Archives: 06/2010

A Look at the Contract From America

The Contract From America is a very interesting political document, seeking to rally people around a set of policies that—unlike the Contract With America from years ago—was generated from the bottom up.

On the WashingtonWatch.com blog, I’ve been assessing the ten items in the Contract From America. The Tea Party movement stands for a lot of ideas in a lot of people’s minds. Here’s a chance to see what substantive policies are important to a large cross-section of this political movement.

Is Mickey Kaus Fashionable?

Why is a New York Times profile of blogger-turned-U.S. Senate candidate Mickey Kaus on the front page of the Sunday Styles section? He’s smart. He’s interesting. Stylish he ain’t. Maybe it’s because he’s running his whole campaign against Barbara Boxer on a budget that would buy a Birkin bag.

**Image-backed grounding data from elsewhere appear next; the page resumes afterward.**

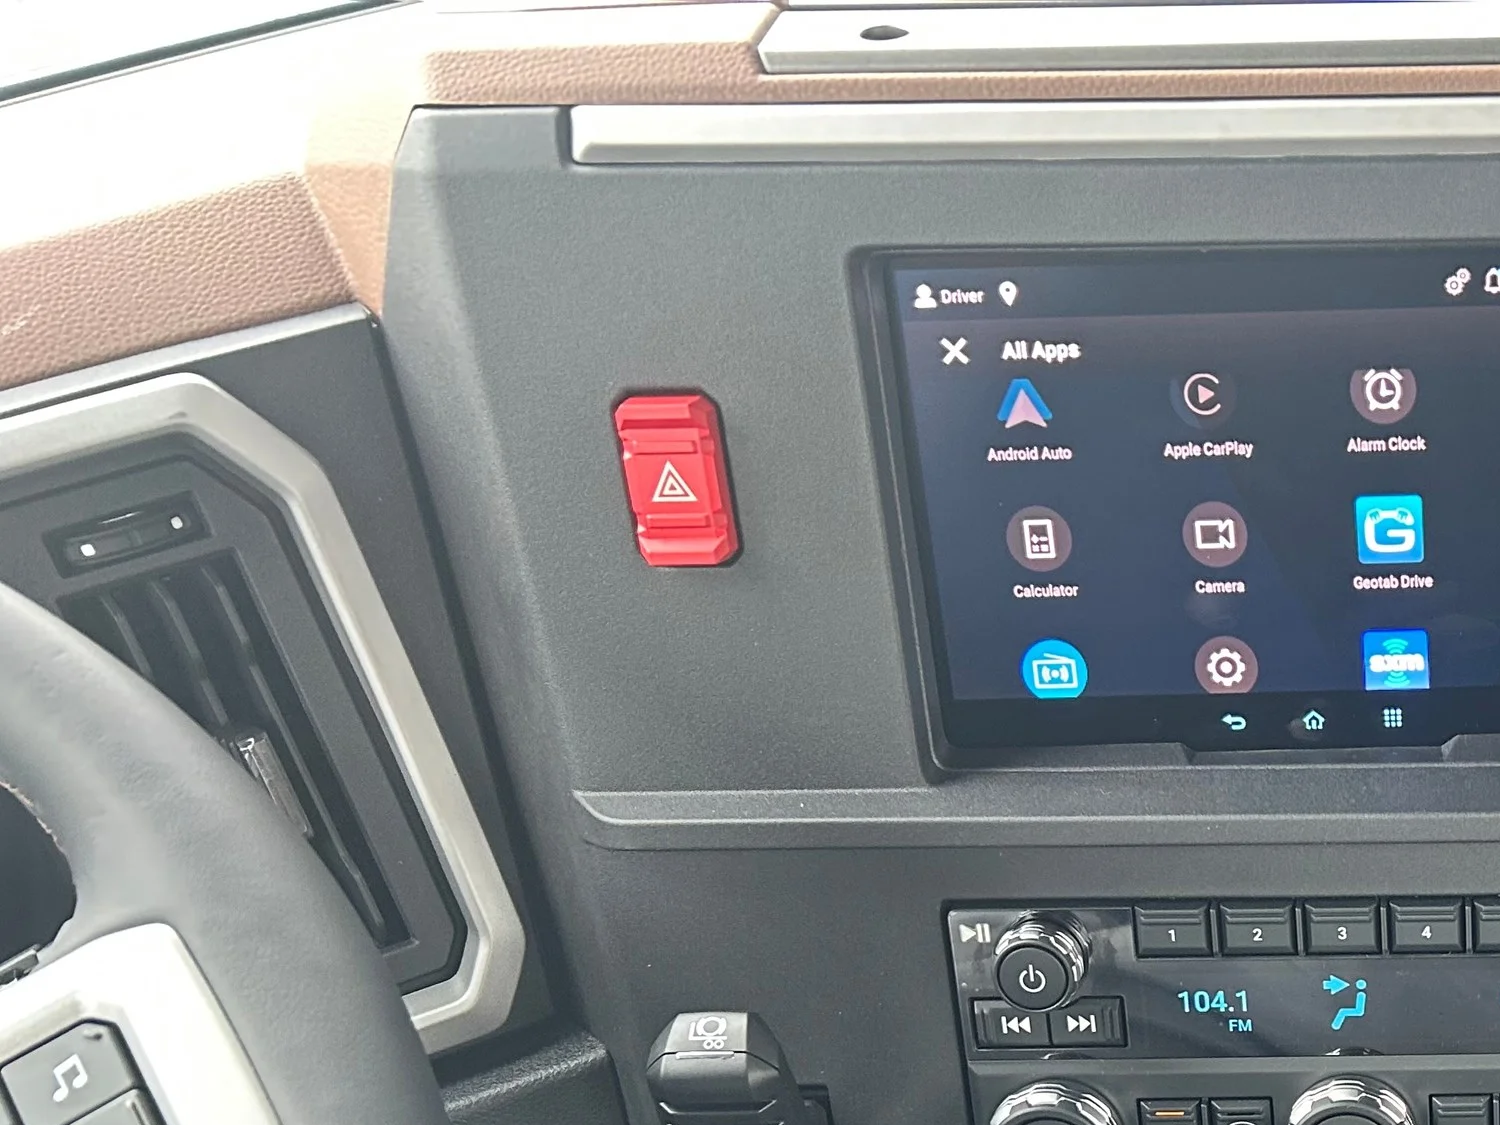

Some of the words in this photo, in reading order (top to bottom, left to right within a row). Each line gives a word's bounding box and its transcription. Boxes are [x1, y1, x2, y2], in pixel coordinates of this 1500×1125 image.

[939, 288, 985, 305] Driver
[1001, 340, 1029, 361] All
[1030, 340, 1082, 364] Apps
[1163, 441, 1202, 459] Apple
[1202, 440, 1254, 459] CarPlay
[1346, 436, 1387, 453] Alarm
[1387, 435, 1427, 452] Clock
[986, 446, 1040, 462] Android
[1041, 446, 1073, 461] Auto
[1194, 579, 1246, 594] Camera
[1352, 574, 1400, 590] Geotab
[1400, 574, 1434, 589] Drive
[1012, 583, 1079, 599] Calculator
[1167, 929, 1176, 942] 1
[1252, 927, 1263, 942] 2
[1337, 926, 1348, 941] 3
[1421, 925, 1432, 939] 4
[1177, 990, 1248, 1013] 104.1
[1228, 1018, 1253, 1032] FM

I probably disagree with Kaus on most things, including one of his two big issues, illegal immigration. But I’m glad to see a Democrat making an issue of the excessive power and cost of government employee unions just as a populist revolt against those unions seems to be building.

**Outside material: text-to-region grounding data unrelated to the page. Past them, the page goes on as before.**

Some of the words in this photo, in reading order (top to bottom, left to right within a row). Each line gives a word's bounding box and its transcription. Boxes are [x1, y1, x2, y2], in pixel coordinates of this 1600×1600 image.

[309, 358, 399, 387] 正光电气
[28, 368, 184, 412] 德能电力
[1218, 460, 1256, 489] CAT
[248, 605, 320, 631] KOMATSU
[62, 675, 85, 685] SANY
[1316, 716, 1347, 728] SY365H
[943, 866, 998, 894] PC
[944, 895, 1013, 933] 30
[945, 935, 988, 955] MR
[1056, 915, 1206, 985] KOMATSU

You read it in the New York Times, Californians: Mickey Kaus is in Style this week.

You Don’t Need to Waste More Money to Shrink Government

It’s rather symbolic of what’s wrong with Washington that a commission ostensibly created to promote deficit reduction is seeking a bigger budget, as noted in the Tax Notes story excerpted below. Rather than impose a bigger burden on taxpayers, though, I will generously suggest that they could easily fulfill their mandate by perusing Cato’s Downsizing Government website. And if they really want to do the right thing, they can always just look at Article I, Section VIII, of the Constitution and get rid of existing programs and activities that are not enumerated powers of the federal government.

Saddled with a tight deadline and great expectations, members of President Obama’s deficit reduction commission say they may not have the resources necessary to meet their task. The National Commission on Fiscal Responsibility and Reform, which the president created through an executive order in February, is charged with developing a plan by December 1 that would stabilize the budget deficit by 2015 and reduce the federal debt over the long term. The group is widely expected to consider a combination of tax reforms and spending cuts. But despite the weighty demands, the panel has only a fraction of the staff and budget of standing congressional committees. The panel’s own cochairs and Senate Majority Leader Harry Reid, D-Nev., have criticized the meager resources and called for more support. …The White House has set aside the resources to provide the equivalent of four full-time salaries and $500,000 in operating costs for the commission, fiscal commission Executive Director Bruce Reed told Tax Analysts.

(h/t: TaxProf)

Kazakhstan’s Approach to Bank Failure

Gillian Tett has an interesting column in today’s Financial Times, discussing the recent resolution of one of Kazakhstan’s largest banks, BTA.  What’s novel about this particular bank resolution?  Well instead of the taxpayer, or the rest of the banking sector, covering a large hole in BTA’s balance sheet, the bondholders are taking the hit (of course shareholders are also taking a loss).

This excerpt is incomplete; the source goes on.